The Moon Book: Lunar Magic to Change Your Life by Sarah Faith Gottesdiener (2020)
I said I was going to get into the moon this year and, friends, I meant it!!! If you are the kind of person who is open to phrases like “lunar magic” and “moon-mapping” or ideas like “utilizing the lunar cycle holistically” then do I have the book for you. I’m obsessed with this book, which I only opened for the first time last month. It dives into history, rituals, tarot spreads, journal prompts for each cycle, and I’ve been picking and choosing along the way. Tonight is the new moon, and this past cycle has done a lot for me. Maybe it was the moon, maybe it was just me doing a lot of introspective work under the moon. Either way, love that girl.
Listening to:
Strange Beasts of China by Yan Ge, read by Emily Woo Zeller
Strange Beasts of China is about a cryptozoologist-turned-novelist who collects the stories of the “beasts” — Sorrowful Beasts, Joyous Beasts, Impasse Beasts, to name a few — that live alongside humans. The more she explores, though, the greater she understands their depth of experience, forcing her to contend with dark truths about humanity and herself. Moody, ruminant, magical.
The Maidens by Alex Michaelides, read by Kobna Holdbrook-Smith and Louise Brealey
Part of my exploring thrillers is realizing how much fun they are to listen to. I had a great time with The Maidens, which follows Mariana, a widowed therapist who travels to Cambridge University to help solve the murder of her niece’s friend — a murder which soon becomes a series of murders, each of the victims a member of one charismatic professor’s secretive study group known as “the maidens.” It’s a little on-the-nose but it’s saved by some really good twists, and Mariana is believably complicated, easy to root for.
Welcome to Your Fantasy, a Pineapple Street / Gimlet podcast
Not a book, but the first podcast in a long time that took precedence over my audiobooks, Welcome to Your Fantasy is about the surprisingly sordid history (murder! conspiracy! exploitation!) of Chippendales.
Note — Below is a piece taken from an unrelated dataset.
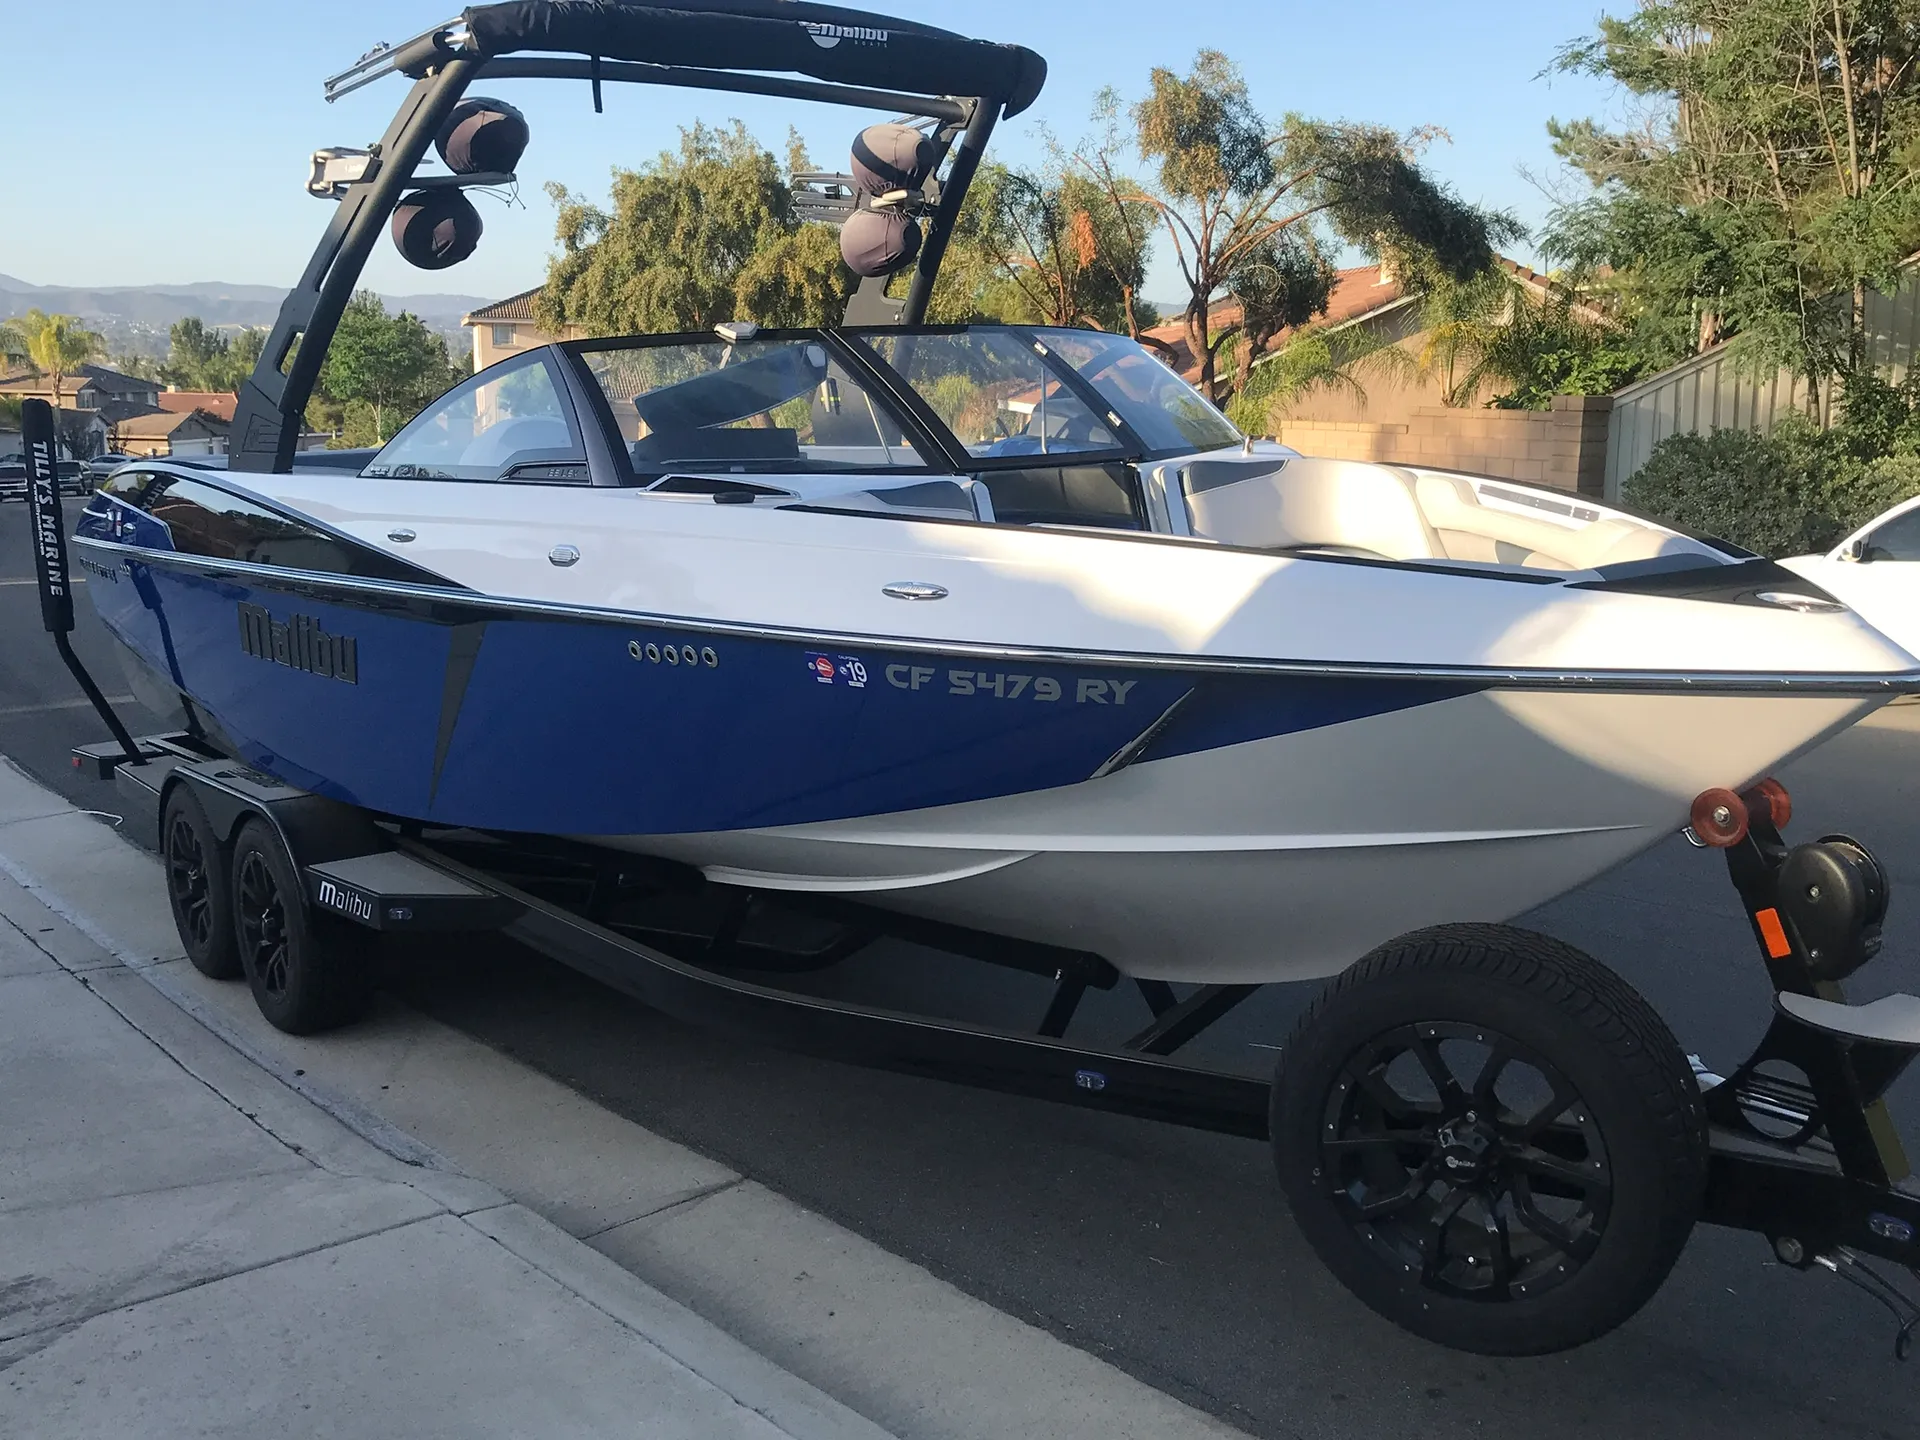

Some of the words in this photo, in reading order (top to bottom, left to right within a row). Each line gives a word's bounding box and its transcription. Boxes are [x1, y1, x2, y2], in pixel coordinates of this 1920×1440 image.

Listened to all nine episodes in two days.
Bookstore bundle:
Mil Mundos is a bilingual anti-gentrification bookstore and community space in east Bushwick that I am lucky enough to have in walking distance. They’ve got a great inventory in general, but I highly recommend browsing their book bundles: I recently got the “Indigenous History for the Present” bundle (with free tote!) and just started Native New Yorkers: The Legacy of the Algonquin People of New York by Evan T. Pritchard. Great un- and re-learning, especially if you, like me, grew up in the New York school systems.